When you're in “just get through it” mode, suppressing your emotions can feel productive. Maybe you throw yourself into work when you’re anxious. Maybe you overfunction in relationships to avoid feeling unwanted or disconnected. Maybe you self-improve your way out of feeling insecure. The dopamine hit from checking something off the list or crushing a deadline gives the illusion of emotional resolution. But underneath, the feelings are just getting stockpiled. They don’t disappear; they collect interest. And they come back when you least expect (or want) them to. Eventually, the system breaks down: You become irritable, snapping or lashing out at loved ones, or shut down for reasons you can’t explain. You feel increasingly exhausted, like you’re running on fumes but can’t stop. You lose touch with what you actually want, not just what you’re supposed to do. You feel successful but unfulfilled. Productive but resentful. What once worked to keep you afloat now weighs you down.

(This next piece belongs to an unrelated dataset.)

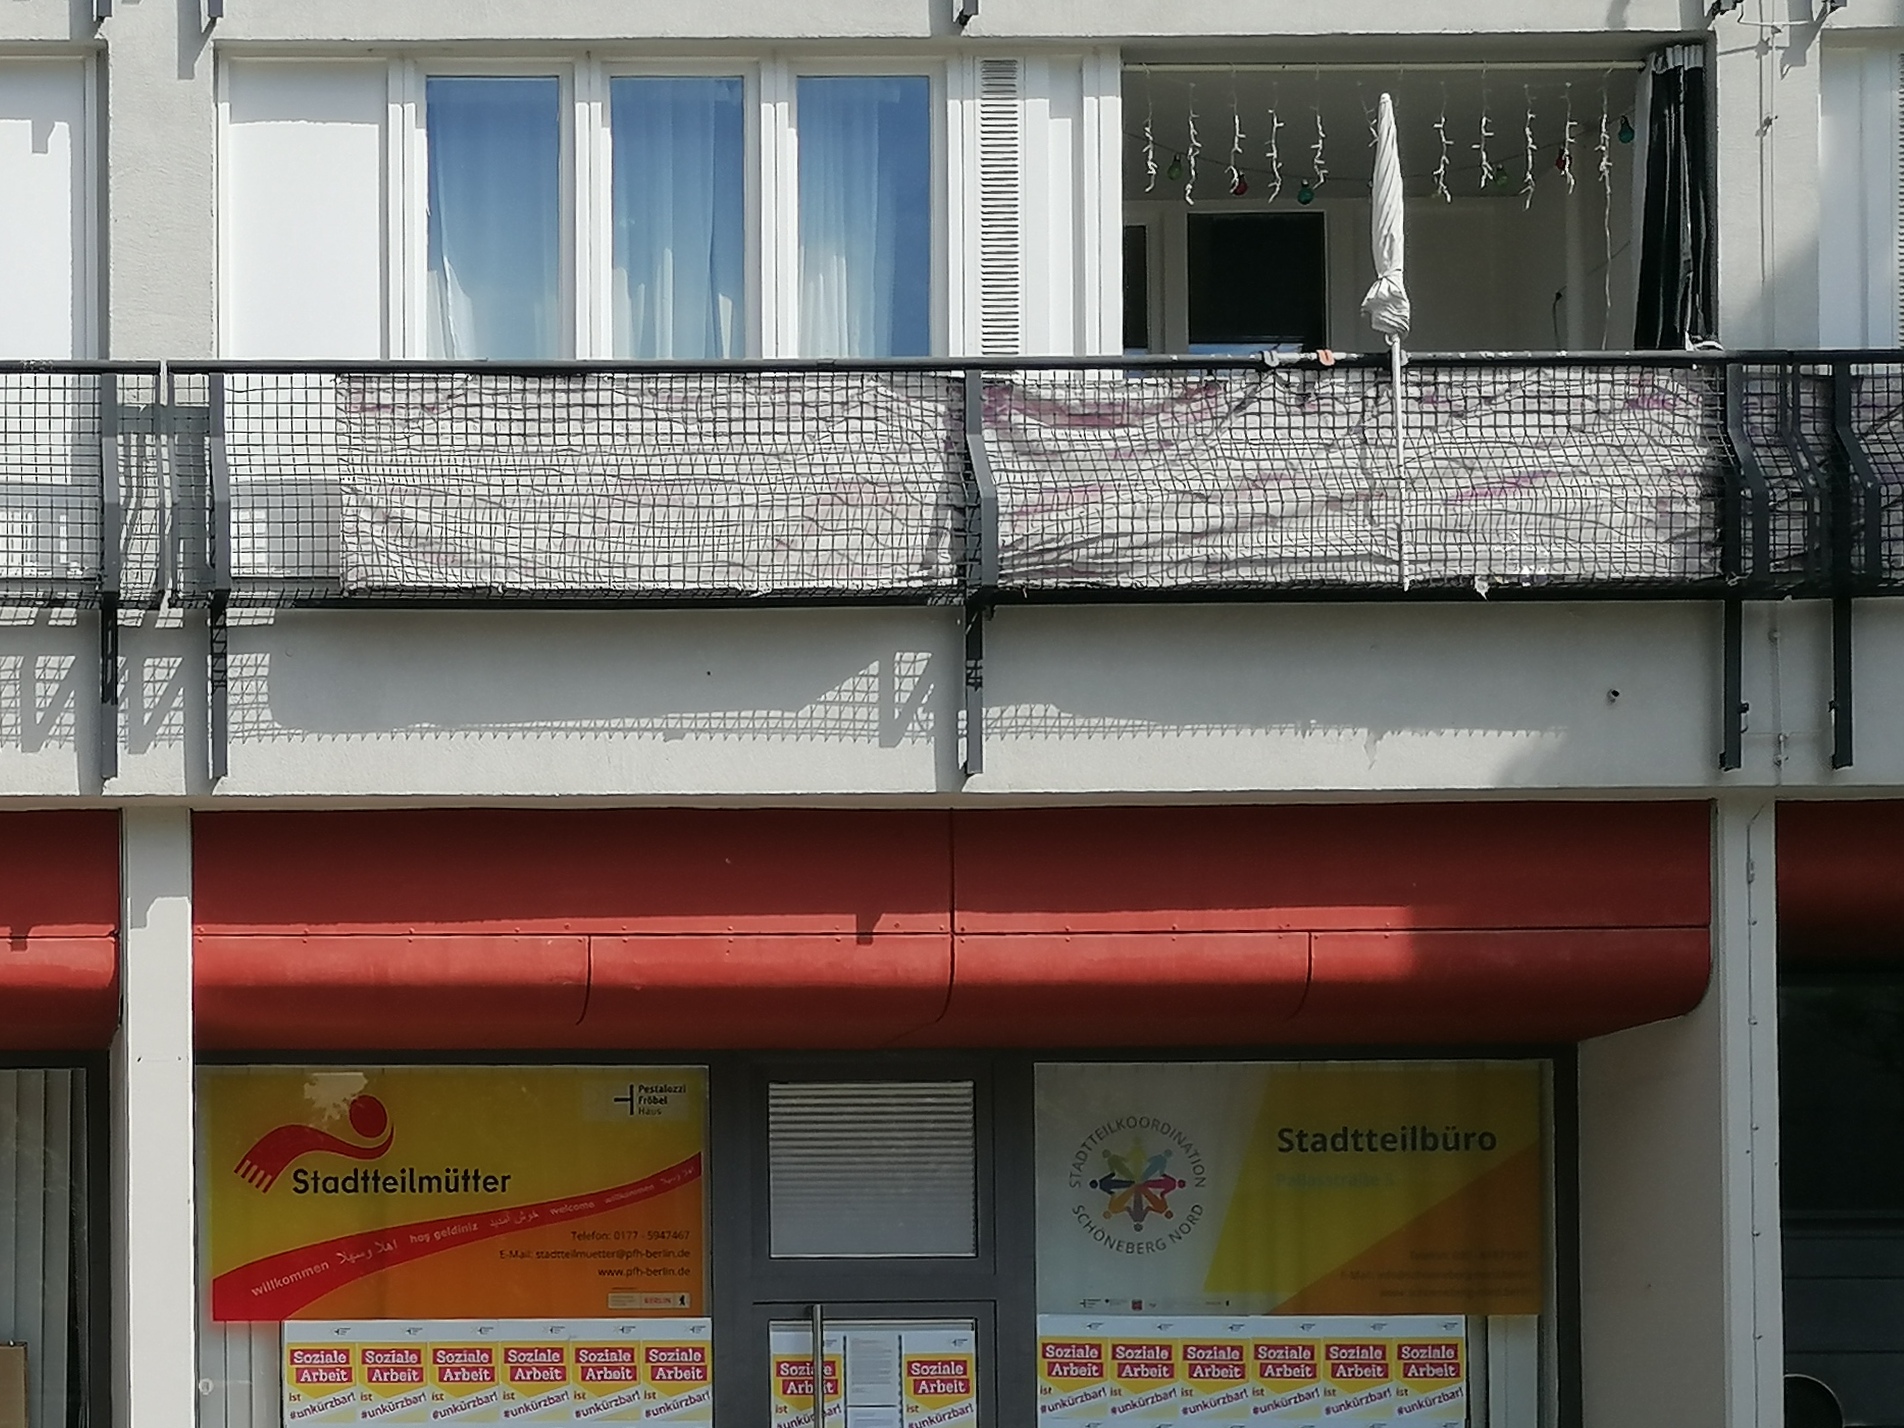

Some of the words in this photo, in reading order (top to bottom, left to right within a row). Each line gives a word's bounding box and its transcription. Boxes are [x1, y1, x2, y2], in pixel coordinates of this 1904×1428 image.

Why You Learned to Avoid Emotional Discomfort

If no one ever taught you how to safely feel things, you probably subconsciously came to the conclusion that emotions were either dangerous or useless. Maybe your parents didn’t ask how you felt because they didn’t know how to handle their own emotions. Maybe they expected you to be “fine” all the time, praised you for being “mature” at age 9, and minimized or quickly dismissed anything that looked like vulnerability. So now you minimize your own emotions. Or maybe no one noticed your emotions because you were too busy taking care of everyone else. You were the helper, the peacekeeper, the achiever. When no one teaches you that emotions matter, you assume they’re a liability - or worse, you begin to believe your emotions aren't important or valid. 

Here are a few core reasons high achievers avoid emotional discomfort:

  • You equate emotions with weakness or vulnerability. Especially if you were praised for your strength and composure growing up.

  • You fear losing control. If your emotional world feels unfamiliar or chaotic, you’d rather not go there at all.

  • You’ve been emotionally neglected. This doesn’t mean your parents were bad people—but they likely lacked the skills to model emotional attunement and regulation.

  • You use busyness to numb your feelings. Productivity numbs it just enough to avoid sitting still with yourself.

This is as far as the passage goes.